Going Home

What made you come?

He said.

You, I said.

A second chance 

At hugging you.

Last week I got to surprise my dad and hug him for the first time since his life-saving heart surgery last August. I couldn’t wait anymore. Second chances aren’t meant to be squandered and I needed to go home for my own peace of mind.  My sister and I planned it to coincide with the 10-year anniversary of my mom’s passing and the three of us went out for lunch to simply BE TOGETHER. What a rare and precious gift.

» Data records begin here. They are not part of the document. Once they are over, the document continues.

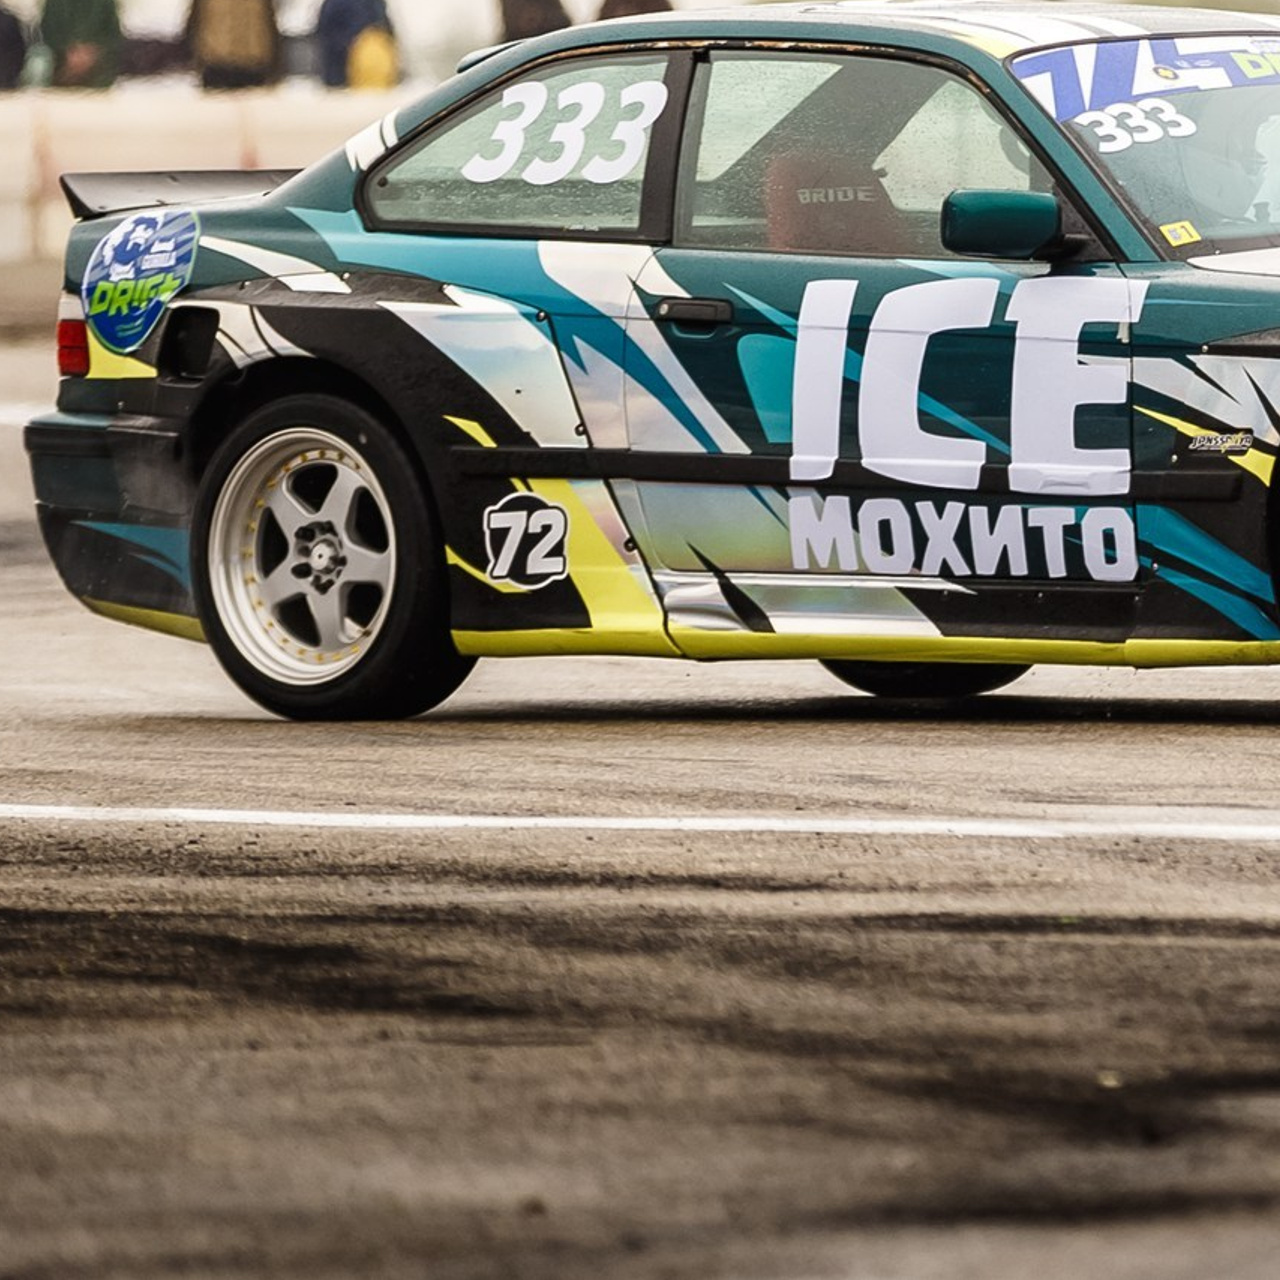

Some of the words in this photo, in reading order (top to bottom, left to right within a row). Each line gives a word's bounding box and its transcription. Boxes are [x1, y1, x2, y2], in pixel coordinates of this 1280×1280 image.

[460, 81, 669, 185] 333
[1074, 97, 1197, 154] 333
[797, 186, 876, 204] BRIDE
[89, 272, 182, 316] DRIFT
[789, 276, 1151, 496] ICE
[489, 508, 567, 577] 72
[788, 495, 1140, 582] МОХИТО
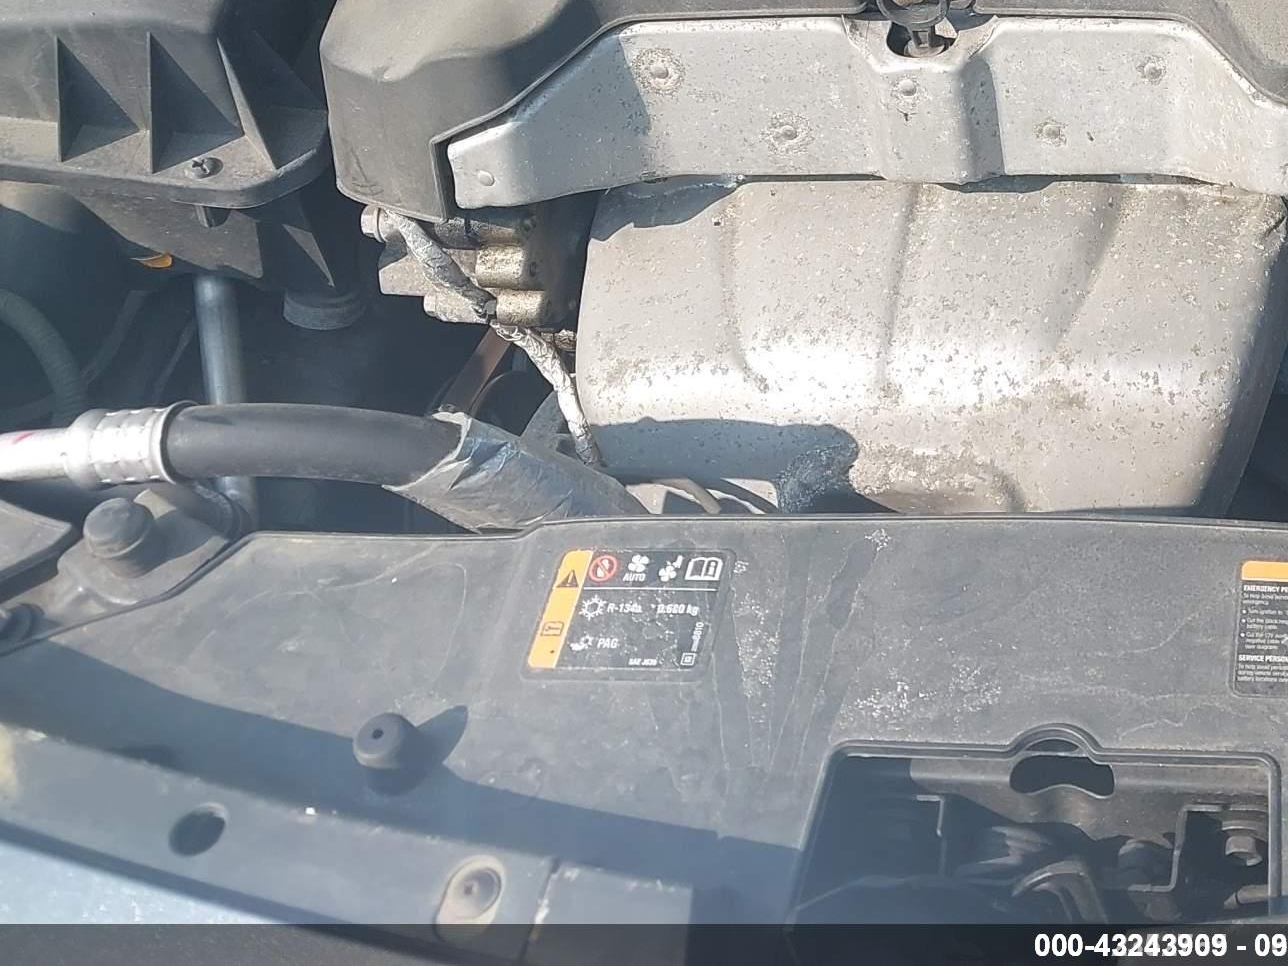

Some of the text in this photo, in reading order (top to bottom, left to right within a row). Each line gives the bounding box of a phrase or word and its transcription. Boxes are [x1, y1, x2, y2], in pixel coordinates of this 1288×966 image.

We didn’t stop there, however, and went on like debt collectors - arriving unannounced at unsuspecting family and friends, amassing hugs wherever we went. I highly recommend it. In fact, I’d even go as far as saying that it’s always the right decision to go home and wrap your arms around the people you love. There’s something in the joy and connection that lingers like the smell of rain after a highveld thunderstorm. Of which there were many.

The second half of my trip was spent with the other half of me. My sister. She’s the soundtrack to my childhood: laughing loudly, loving fiercely, and always giving freely of herself. Nothing has changed. 

We celebrated my birthday with Dad and Helen, my nieces, and an unforgettable night in the bush, before meeting the rest of the family in Zebula. We lazed at the pool, took golf cart game drives to sunset spots, indulged in fireside chats, and even got a chance to play padel (which, for my American friends, is NOT pickleball.)

As I return to life in Austin, where the bluebonnets and mountain laurels have welcomed me, I’m grateful for the reminder that I’m home here too. I’ve passed the hugs on to my family and reminded them that we’re part of something bigger. We may have transplanted ourselves, but our roots come from a very healthy forest of trees that still bend their boughs to us in support and prayer.